Tuesday, September 9, 2014

The Eye of Heaven, by Clive Cussler

Most people would find that Archeology is a boring subject. Most people would find that adventurer's are more interesting. Well, if you combine the two you get Sam and Remi Fargo who love Archeology, but they also venture into hunts for treasure and lost historical sites like no one else.

Unfortunately this book was a bit on the more "boring" side of the scale. It seems as though a Cussler novel has finally lost some of it's high action excitement. I found that the situations were not as soul pounding excitement as what we have come to expect. The sense of urgent situations that might end in death and disaster just aren't as heart stopping as previously written works.
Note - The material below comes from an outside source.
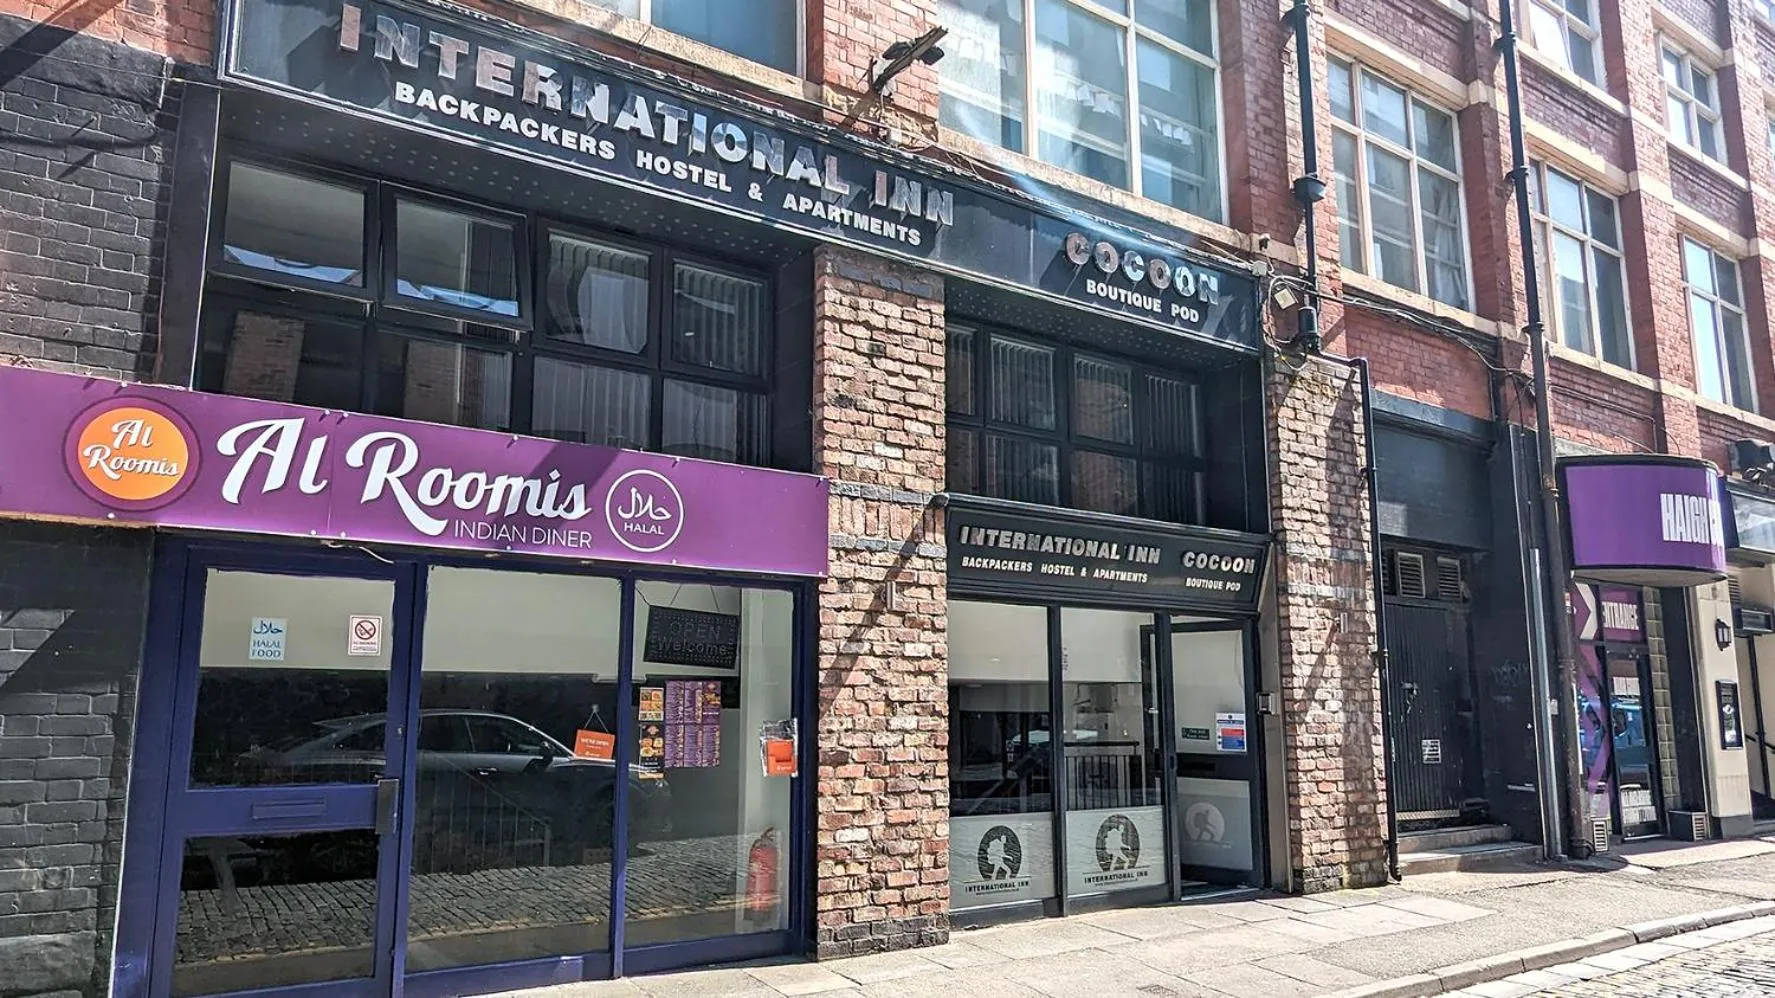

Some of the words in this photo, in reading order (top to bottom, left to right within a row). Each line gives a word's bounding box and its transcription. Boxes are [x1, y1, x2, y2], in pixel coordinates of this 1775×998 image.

With that said we still have a classic Cussler novel where the good guys need to struggle to triumph over the bad guys. Janus Benedict is a thug who wants only to steal ancient artifacts for the sole purpose of selling them on the black market to make money. To add to his evil side he is also an arms dealer on a world class level who is helping tyrants arm their forces (although we don't ever see the culmination of any of those sales).
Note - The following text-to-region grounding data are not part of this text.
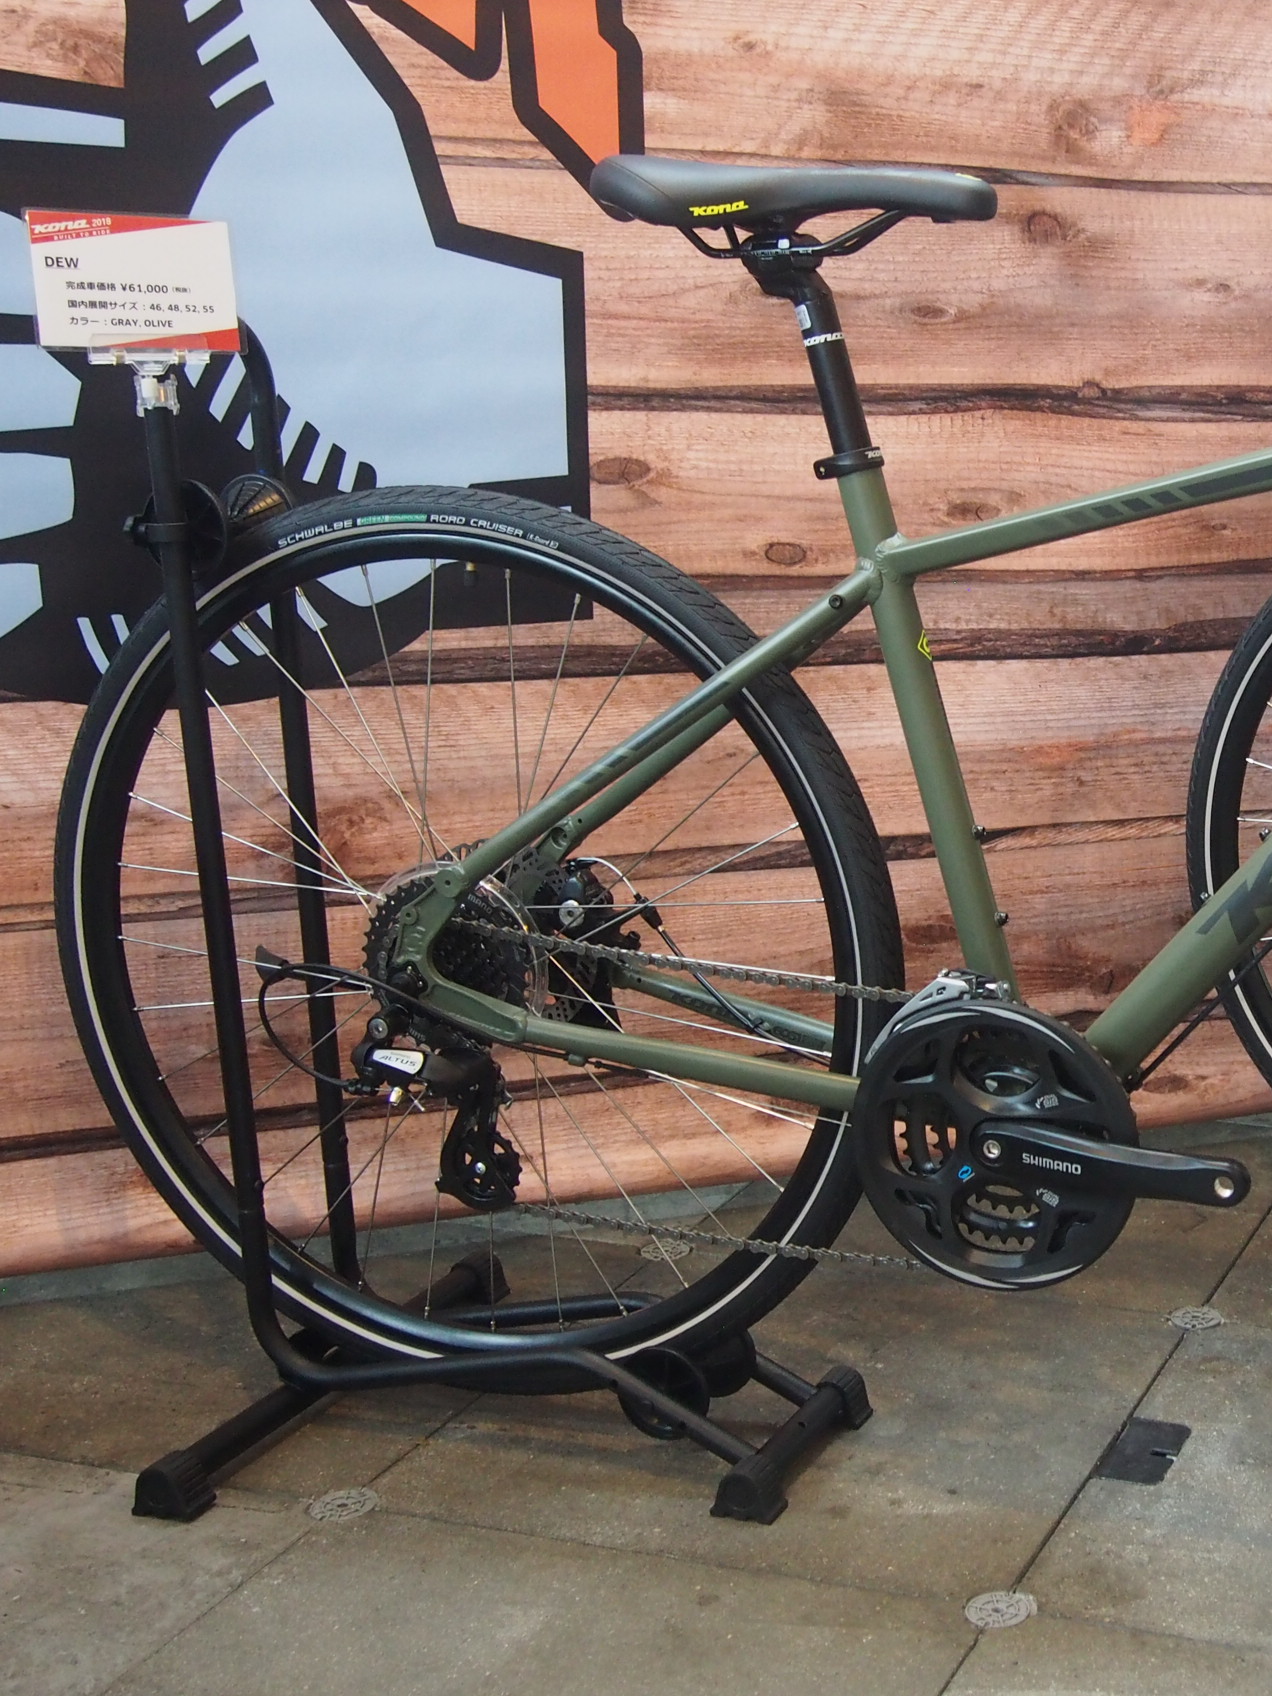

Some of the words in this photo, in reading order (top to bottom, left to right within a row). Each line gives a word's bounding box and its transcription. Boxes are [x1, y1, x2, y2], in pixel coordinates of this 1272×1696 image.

[44, 256, 79, 269] DEW
[144, 319, 173, 328] OLIVE
[278, 519, 353, 549] SCHWALBE
[430, 513, 466, 525] ROAD
[469, 517, 524, 538] CRUISER
[380, 1055, 417, 1067] ALTUS
[1022, 1152, 1082, 1175] SHIMANO
Benedict seems to want to follow the Fargo's and thwart every effort they have of bringing ancient artifacts back to the surface of the earth and returning them to the cultural departments of their respectful countries.
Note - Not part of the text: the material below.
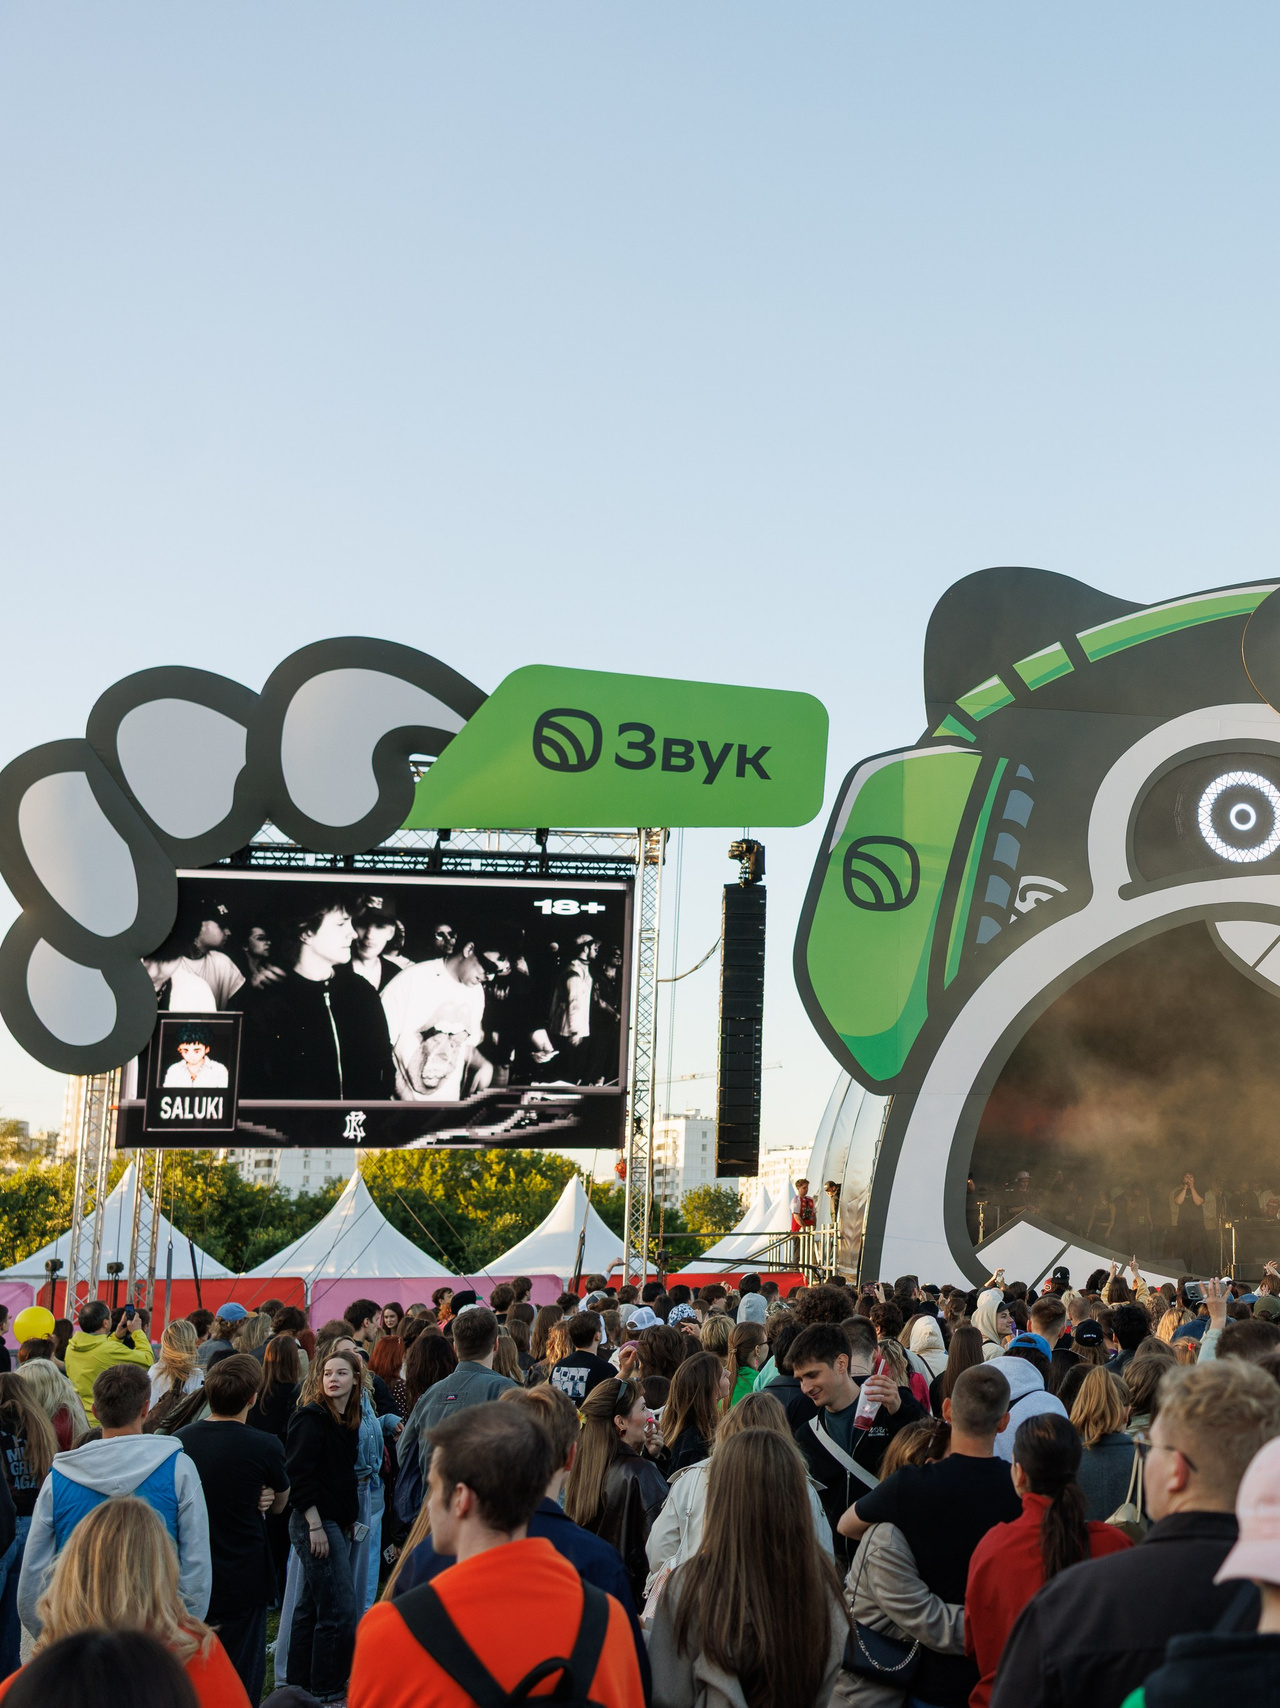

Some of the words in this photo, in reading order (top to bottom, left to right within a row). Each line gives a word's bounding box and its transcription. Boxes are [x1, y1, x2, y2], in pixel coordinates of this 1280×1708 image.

[615, 722, 772, 785] Звук
[534, 899, 606, 916] 18+
[160, 1096, 223, 1120] SALUKI
The Fargo's will be taken from the Ice and Glaciers of the North to the jungles of Mexico to track down the "Eye of Heaven." This is a gemstone that is reported by myth/history to be the size of a small car. It was buried with a "God" whom the ancient tribal people of Mexico revered and buried with a cache of loot that would make any treasure hunter wealthy.

The Fargo's will even have to break into a fortified facility in Cuba to research their task. Then they will have to travel to Laos to find a colleague who might be the only person alive who can translate the pictographs that they have uncovered.

So, there is adventure. There is the threat of danger and death. There is the fun that the Fargo's have together, and there is a nemesis that is trying to bring death and destruction. So, all in all a typical Cussler novel.

My only problem and why I gave only four stars is that it just doesn't have the pop and sizzle of the typical Cussler novel of the past.

But, if you are a Cussler fan as I am you will love the book.